Séance de conseil postopératoire
Le premier jour après l’opération (jour 1), les patients sont à nouveau vus et conseillés. Le besoin d’un suivi après 30 jours est réitéré et le traitement médicamenteux postopératoire est expliqué. Il est également recommandé aux patients de consulter un ophtalmologiste immédiatement en cas de douleur soudaine, de rougeur oculaire ou de détérioration de la vue.
Dans les hôpitaux Aravind, le conseil tient une place prépondérante : des conseillers spécialement formés doivent conseiller de façon adéquate les patients et répondre à toutes leurs questions. À la fin de la séance de conseil, une liste de contrôle est utilisée pour s’assurer que tous les aspects importants ont été communiqués au patient (Figure 1). Les conseillers expliquent également aux patients quand ils pourront reprendre leurs différentes activités.
Sortie de l’hôpital
La plupart des patients hospitalisés sortent le premier jour après l’opération. Toutefois, ceux qui ont été orientés dans le cadre de nos activités de stratégie avancée sortent le deuxième ou le troisième jour selon la distance à laquelle se trouve leur village. Un document de sortie détaillé est donné aux patients. Il inclut le détail des médicaments postopératoires, comme les corticoïdes topiques et le collyre antibiotique.
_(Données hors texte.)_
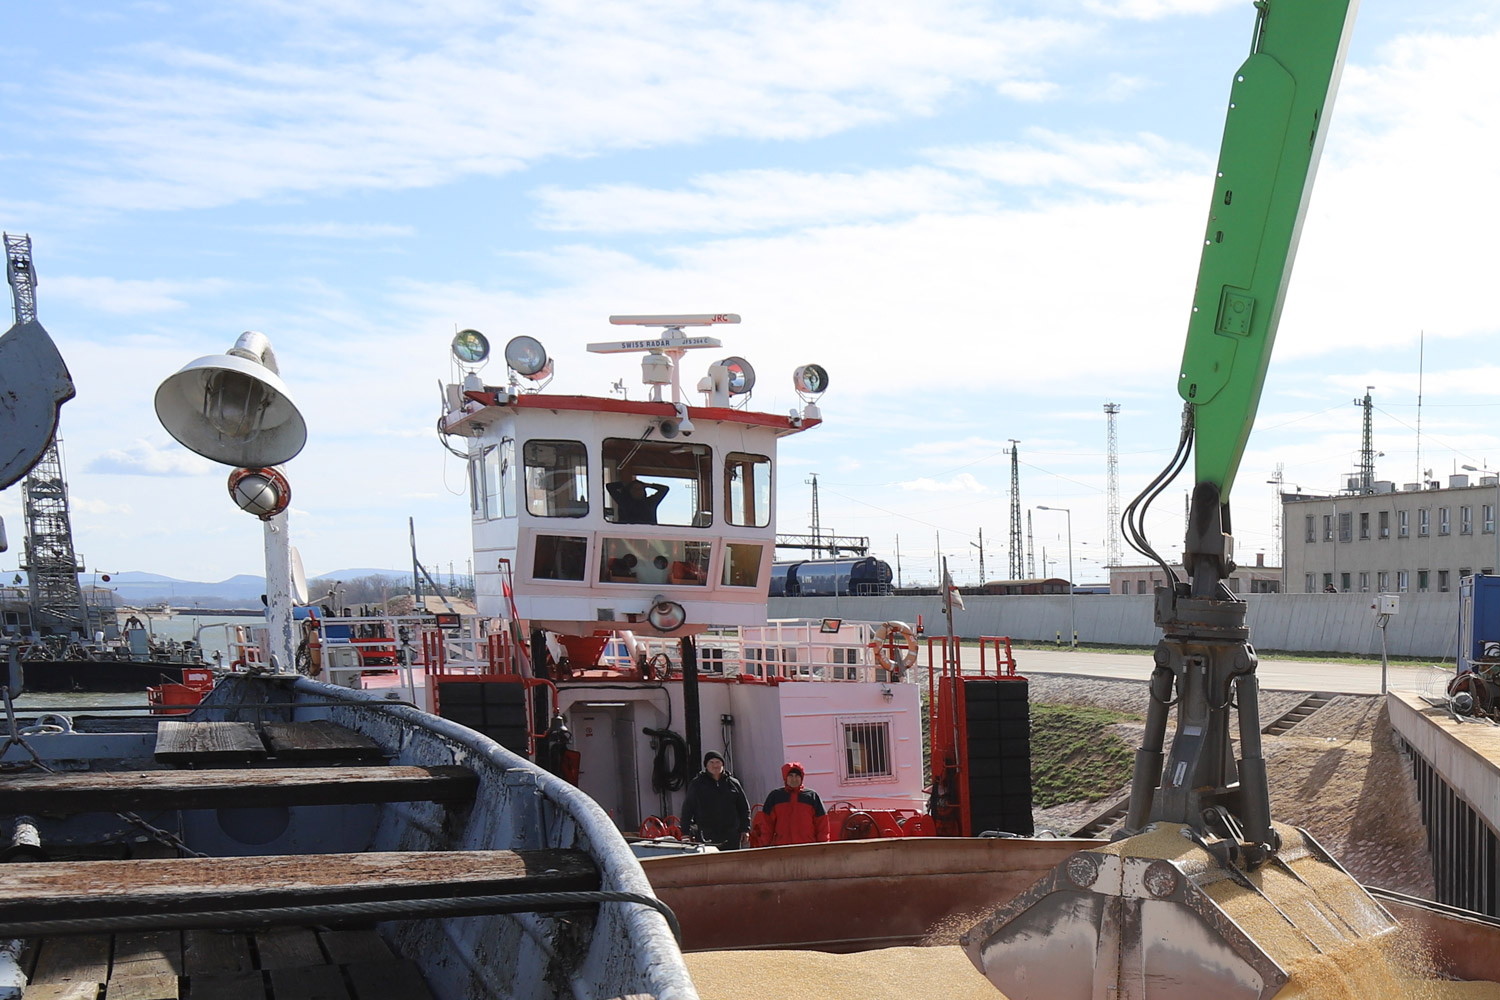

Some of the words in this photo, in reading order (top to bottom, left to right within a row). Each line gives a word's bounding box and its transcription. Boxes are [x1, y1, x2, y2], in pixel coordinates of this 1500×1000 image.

[711, 314, 728, 322] JRC
[621, 341, 644, 349] SWISS
[646, 340, 671, 348] RADAR
Les corticoïdes sont utilisés 6 fois par jour la première semaine et réduits toutes les semaines pendant 6 semaines. Des antibiotiques topiques sont utilisés 3 fois par jour pendant 2 semaines après l’opération. Des anti-inflammatoires non stéroïdiens (AINS) topiques, comme le népafénac ou le kétoralac, sont généralement prescrits lors de la visite de suivi du premier mois afin de réduire l’incidence d’oedème maculaire cystoïde (OMC) et de prévenir les rebonds inflammatoires pouvant survenir après la diminution et l’arrêt des stéroïdes. Pour les patients présentant un risque élevé, par exemple en cas de rupture de la capsule postérieure avec issue de vitré, ou en cas d’OMC après opération du premier oeil, un collyre d’AINS est prescrit immédiatement après l’opération.
Visites de suivi
Lors de la visite de suivi du premier mois, un examen de la réfraction est effectué et des lunettes sont prescrites aux patients en fonction de leurs besoins. Leur pression intraoculaire est contrôlée afin d’exclure toute élévation consécutive à l’utilisation de corticoïdes topiques. L’oeil est examiné en détail pour y déceler toute éventuelle séquelle postopératoire et l’autre oeil est examiné pour planifier l’opération de la cataracte du second oeil, en cas de besoin. Certains patients peuvent être rappelés avant la fin du premier mois en cas de complication peropératoire ou postopératoire. Il est conseillé aux patients de faire un examen annuel de suivi une fois les deux yeux opérés.
Conclusion
Bien que le chirurgien et l’équipe de soins oculaires jouent un rôle prépondérant dans l’intervention chirurgicale, les soins postopératoires supposent le partage de responsabilités entre l’équipe de soins oculaires et le patient. Il est essentiel de faire comprendre au patient l’importance de l’observance du traitement et du suivi, afin d’assurer un bon résultat de l’opération de la cataracte.
Référence
1 Haripriya, Chang DF, Namburar S, Smita A, Ravindran RD. Efficacy of Intracameral Moxifloxacin Endophthalmitis Prophylaxis at Aravind Eye Hospital. Ophthalmology.2016 Feb ;123(2) : 302-8.